What to do when we run out of gold? Re-claiming the post-mining landscape – a vision for the West Rand, Johannesburg, South Africa

Griet Juwet and Marjolein Lyssens



Mining in the West Rand

Gold mining has a very drastic impact on its environment, on local societies and economies. In the case of the West Rand, Johannesburg, more than one century of large-scale mining activities has supported the national economy for decades, but also radically transformed the local landscape and strongly influenced inequalities in the local society.
But as mining companies face increasing extraction costs and rising liabilities, gold mining is nearing the end of its life-cycle in the region. While underground shafts are being re-exploited to extract the remaining gold, dumps and tailings are reprocessed to recover what wasn’t extracted before, and new open pits are made to mine the small parts of the reef that have not been mined yet, the end of gold mining in the Witwatersrand is approaching.

Temporary but devastating

Mining is always a temporary activity because it is about extracting a non-renewable resource. The life span of the industry was extended time and time again in the Witwatersrand, by adopting new technologies and always depending on the fluctuation of the gold price. But since the 90s, the rising labour cost and the low ore grade of remaining gold reefs make the cost of extraction so high that the industry will soon be economically unfeasible. Moreover, increasing awareness about the environmental and social impact of the mining industry is being translated into environmental legislation and action from civil society to hold gold mining companies accountable for the damage they have externalised since the start of mining.

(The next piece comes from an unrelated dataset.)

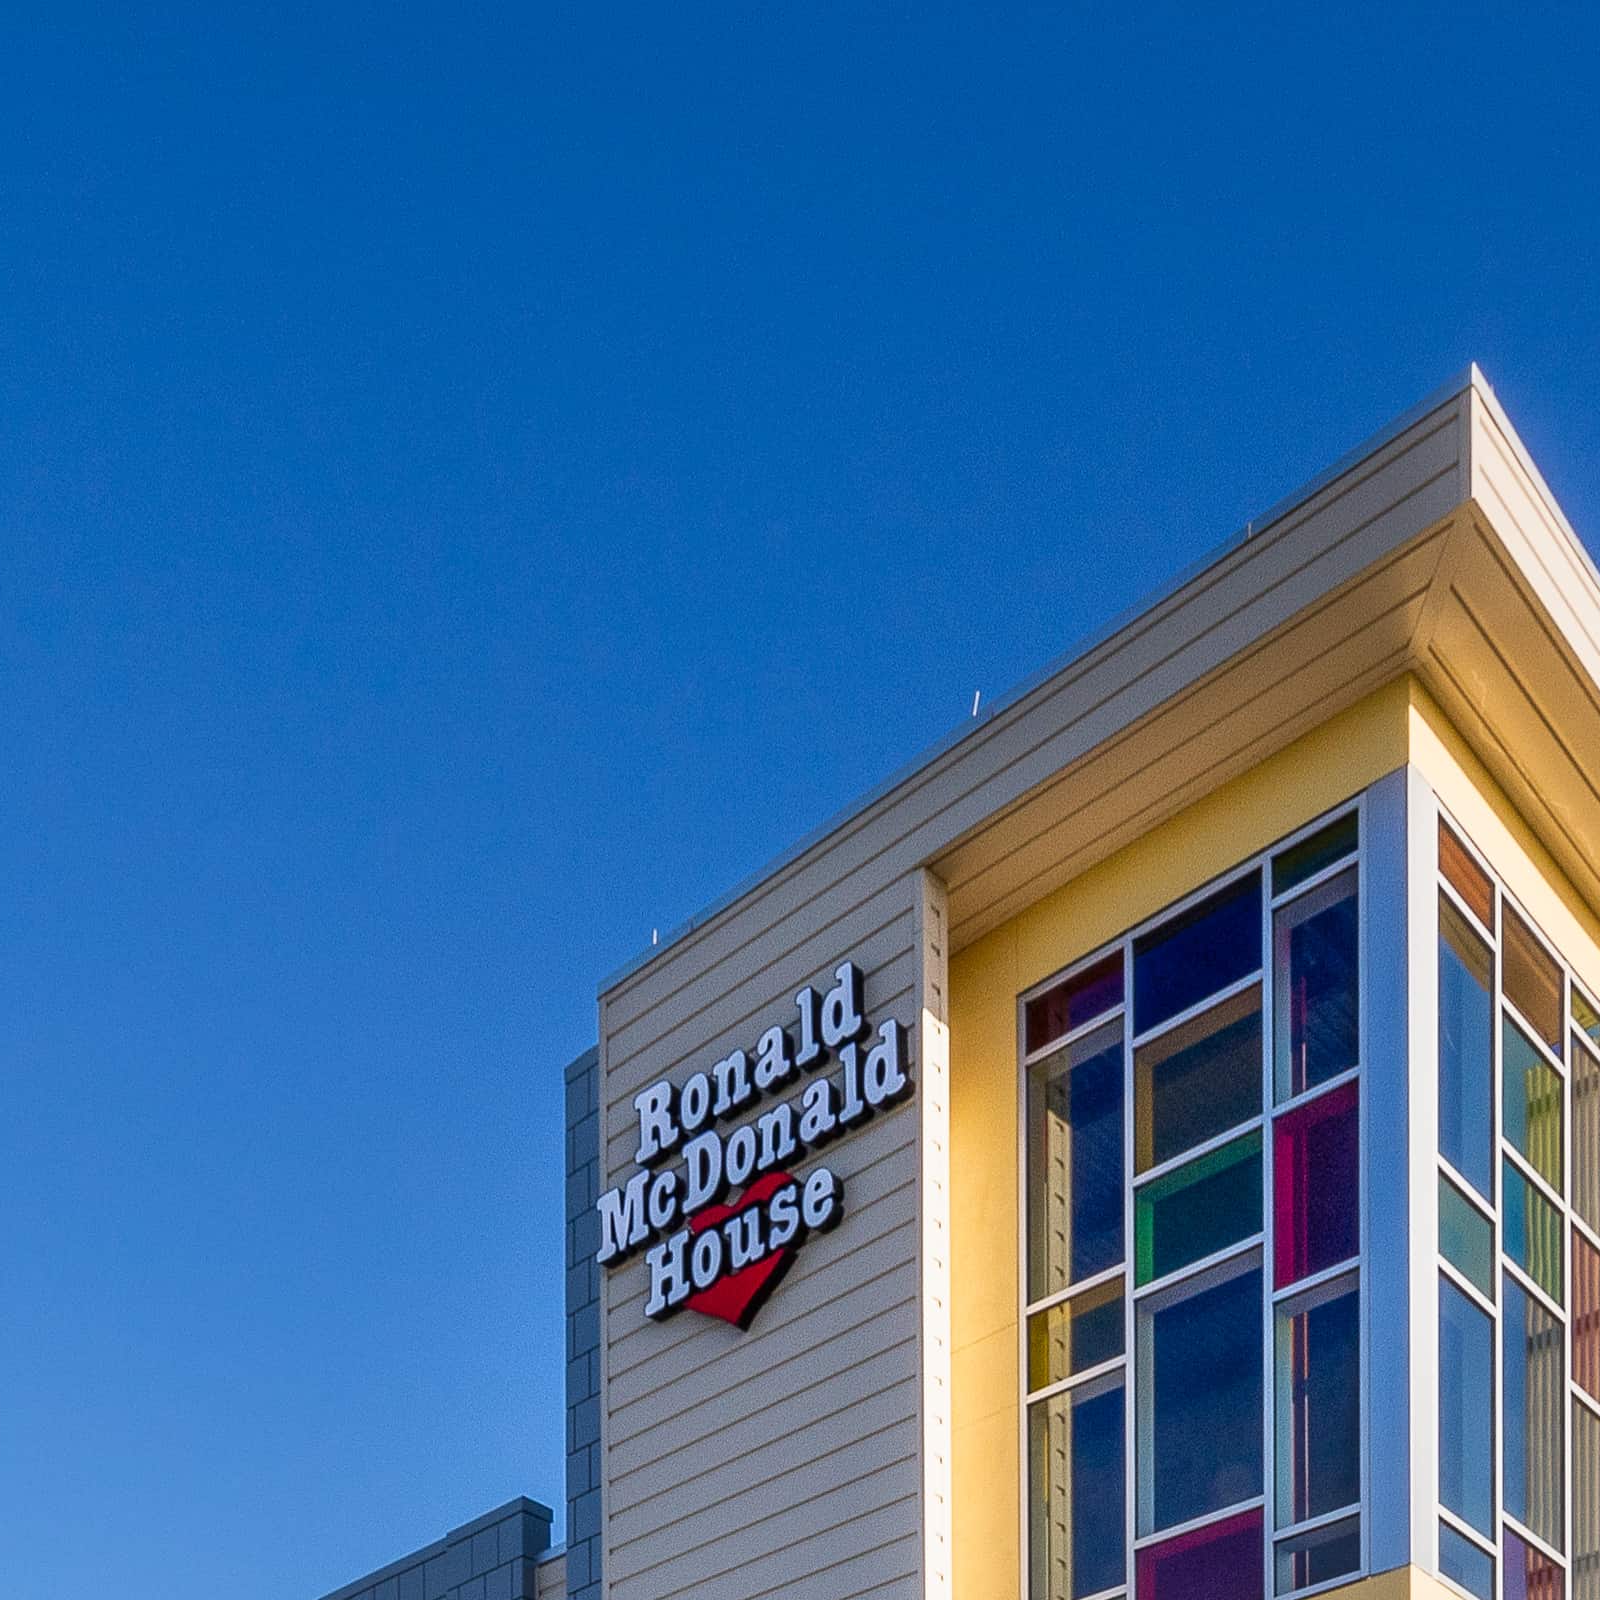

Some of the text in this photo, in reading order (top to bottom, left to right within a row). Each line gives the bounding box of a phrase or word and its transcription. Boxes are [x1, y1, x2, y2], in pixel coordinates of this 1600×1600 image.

[597, 1018, 907, 1264] McDonald
[634, 961, 863, 1164] Ronald
[645, 1168, 837, 1318] House

Environmental and social impacts

The liabilities faced by the remaining gold mining companies in the region are huge, and so far, a holistic and sustainable way of dealing with the critical environmental situation has not been proposed.

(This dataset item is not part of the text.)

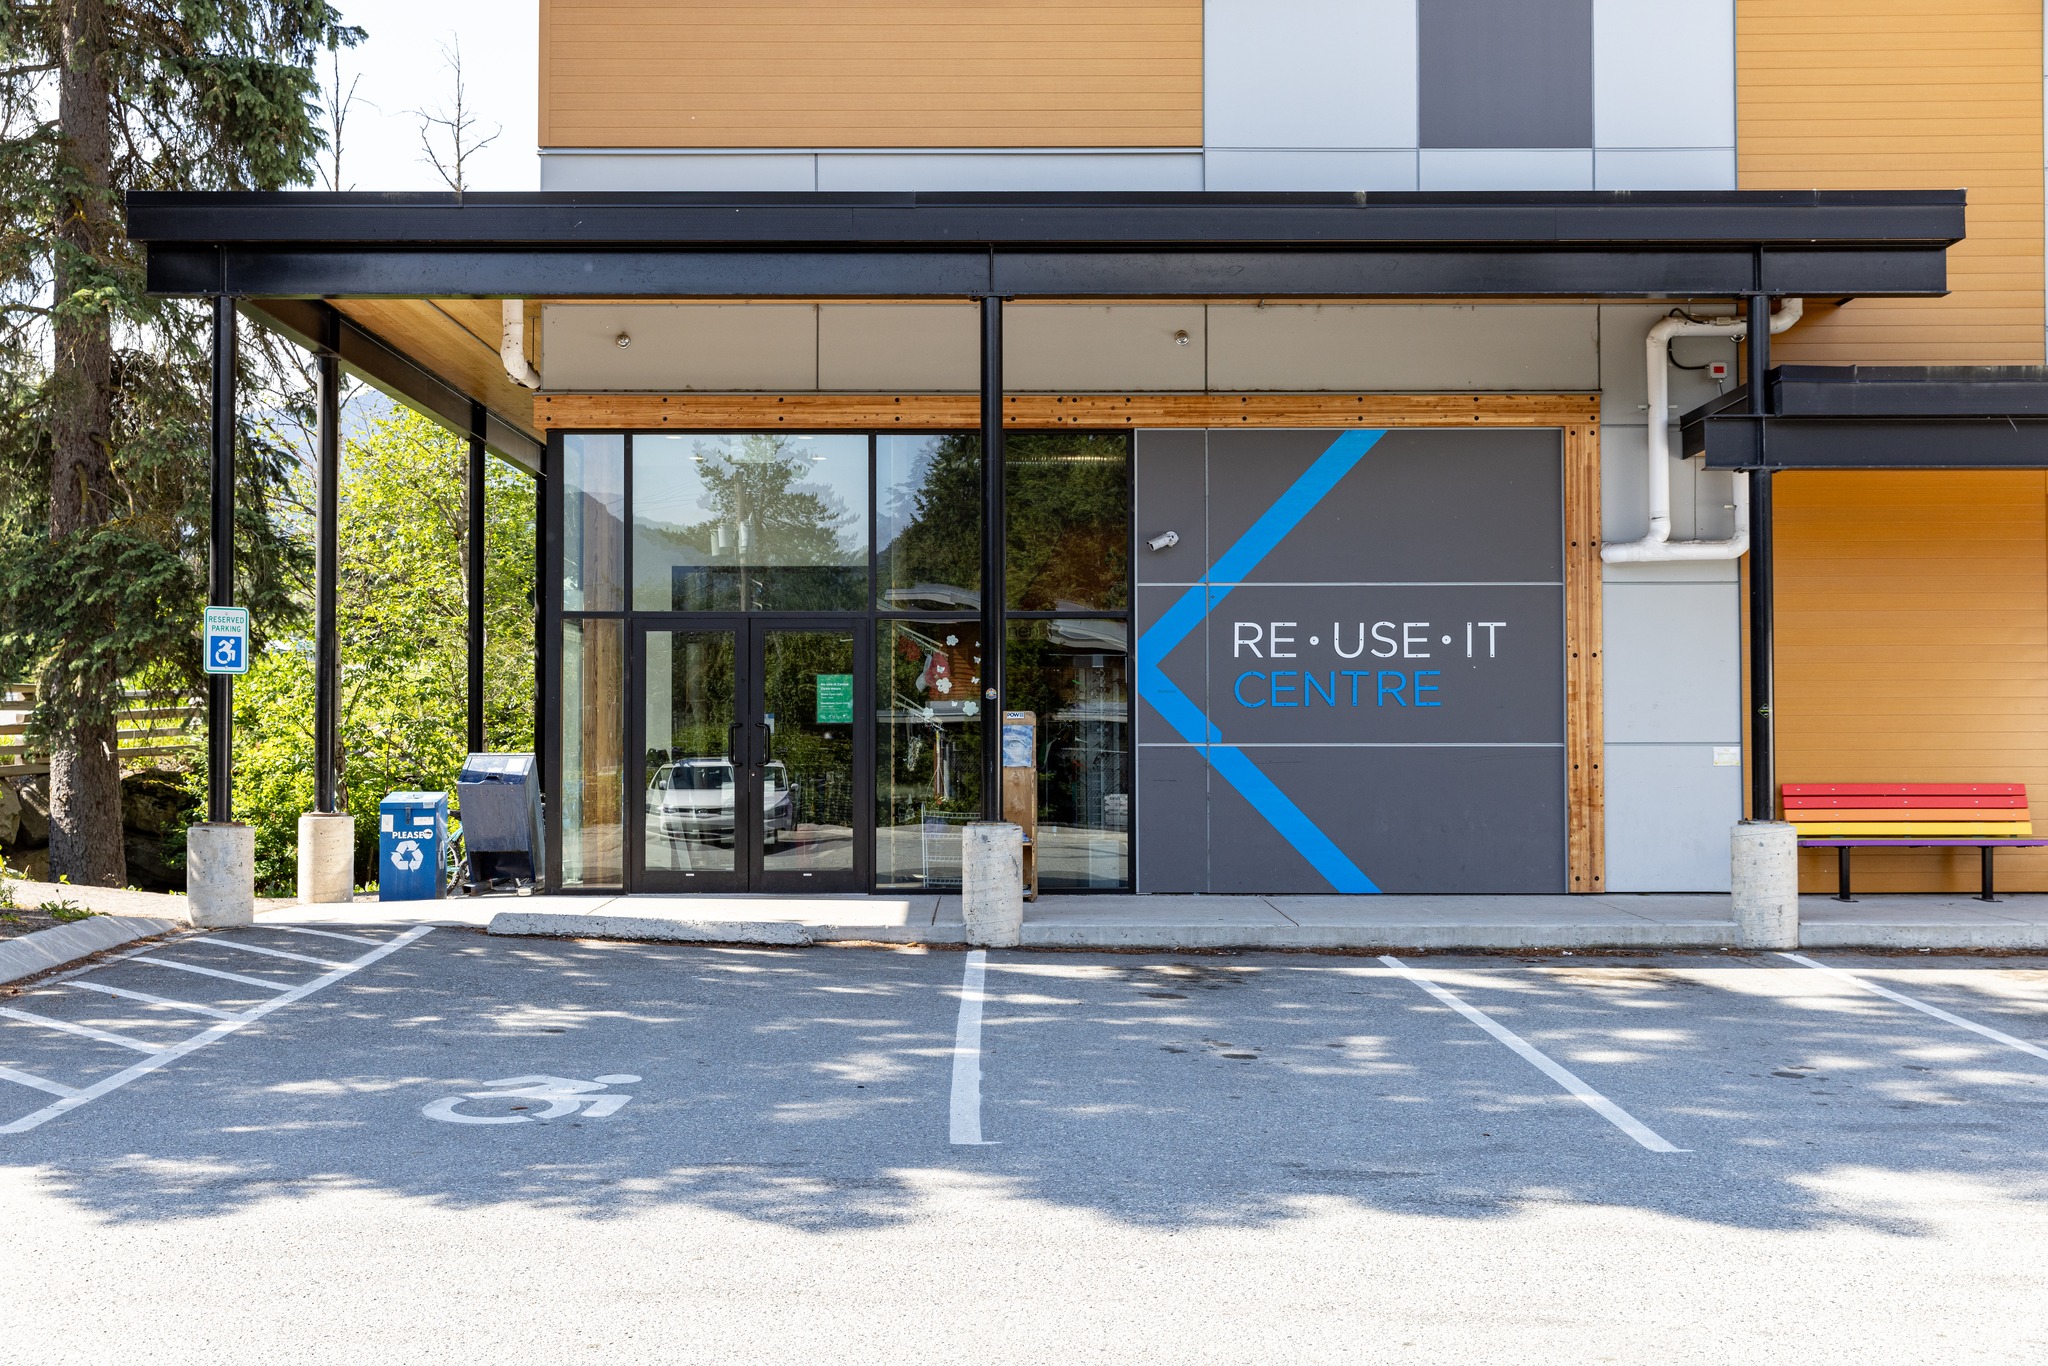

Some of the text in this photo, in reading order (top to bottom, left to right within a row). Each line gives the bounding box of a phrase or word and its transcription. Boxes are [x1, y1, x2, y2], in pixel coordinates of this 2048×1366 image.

[208, 616, 244, 624] RESERVED
[211, 625, 242, 633] PARKING
[1234, 670, 1441, 708] CENTRE
[392, 831, 424, 839] PLEASE

Acid water (AMD) has filled the underground shafts and tunnels, and decants and spills at moments of high rainfall. The cost of controlling the rising water level by pumping is now carried by society as the government has set up several pumping installations to try and limit uncontrolled pollution. Nevertheless, after more than a century of mining, underground aquifers have been contaminated, and wetlands and river systems have been heavily polluted. Heavy metals, and even uranium, have built up in their sediments and can be re-mobilised under the ‘right’ environmental circumstances to further poison downstream farm land and underground aquifers.

Mine dumps and tailings dams further contribute to the pollution of water because on their surface, metals are dissolved in acid water that runs into surface water systems and can also infiltrate into groundwater aquifers. Moreover, these huge man-made hills contain cyanide and heave metals, making for a toxic material that forms a hostile environment for plants and animals alike. They are composed of fine particles that can be transported by the wind and spread out over large surrounding areas. This means that not only the dumps themselves, but also the land around them, contains elevated levels of all kinds of metals, including uranium in the case of the West Rand.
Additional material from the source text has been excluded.